*** Available data
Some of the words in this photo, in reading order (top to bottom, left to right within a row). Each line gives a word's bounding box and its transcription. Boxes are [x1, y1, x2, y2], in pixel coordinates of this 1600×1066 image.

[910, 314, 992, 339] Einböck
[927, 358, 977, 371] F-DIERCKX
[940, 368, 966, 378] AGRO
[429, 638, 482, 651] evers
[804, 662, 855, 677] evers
******
*** Available data
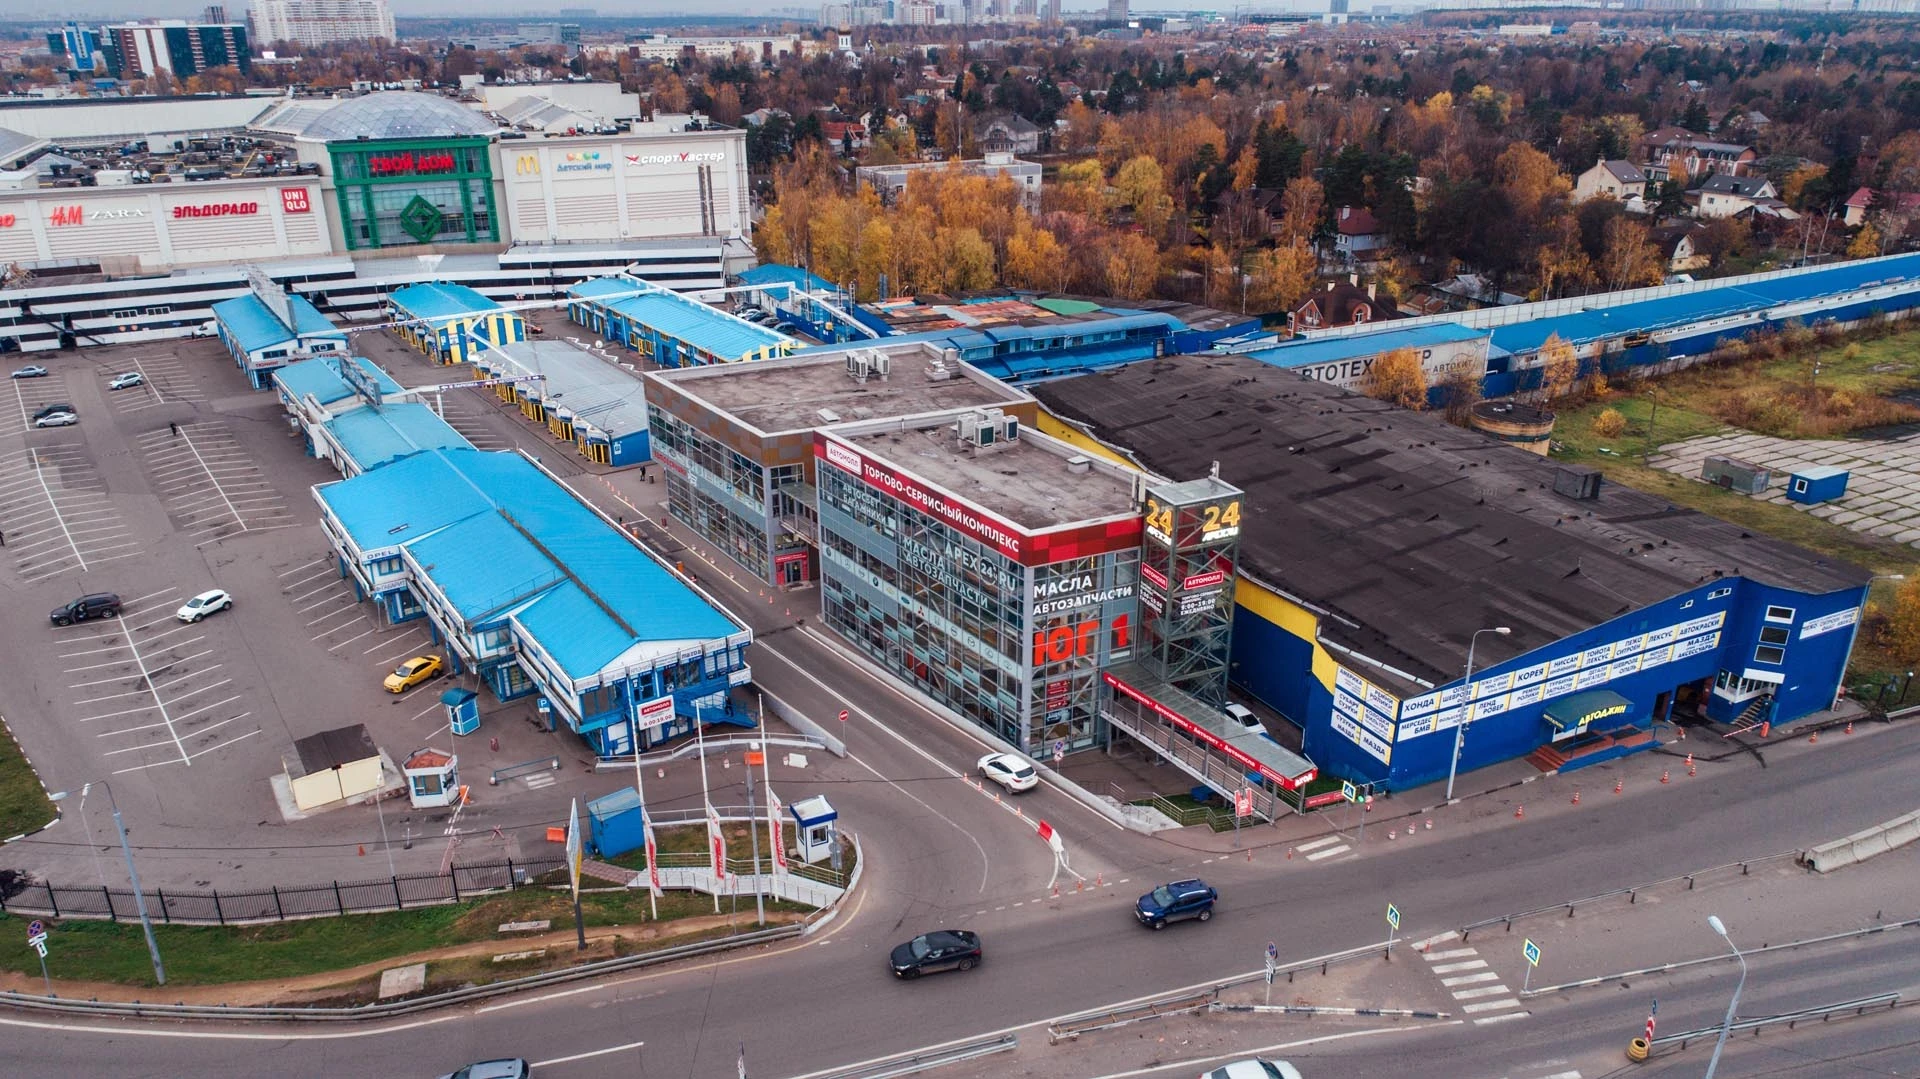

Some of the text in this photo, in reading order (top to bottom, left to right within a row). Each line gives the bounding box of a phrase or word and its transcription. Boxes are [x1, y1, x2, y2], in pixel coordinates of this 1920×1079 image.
******
*** Available data
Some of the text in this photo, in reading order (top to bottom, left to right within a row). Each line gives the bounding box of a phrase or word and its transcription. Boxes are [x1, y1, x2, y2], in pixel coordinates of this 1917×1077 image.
******
◆ **What to do**: When a line in the records holds the string "text", copy that line.

◆ **Task result**:
Some of the text in this photo, in reading order (top to bottom, left to right within a row). Each line gives the bounding box of a phrase or word and its transcription. Boxes are [x1, y1, x2, y2], in pixel coordinates of this 1920×1079 image.
Some of the text in this photo, in reading order (top to bottom, left to right within a row). Each line gives the bounding box of a phrase or word and its transcription. Boxes are [x1, y1, x2, y2], in pixel coordinates of this 1917×1077 image.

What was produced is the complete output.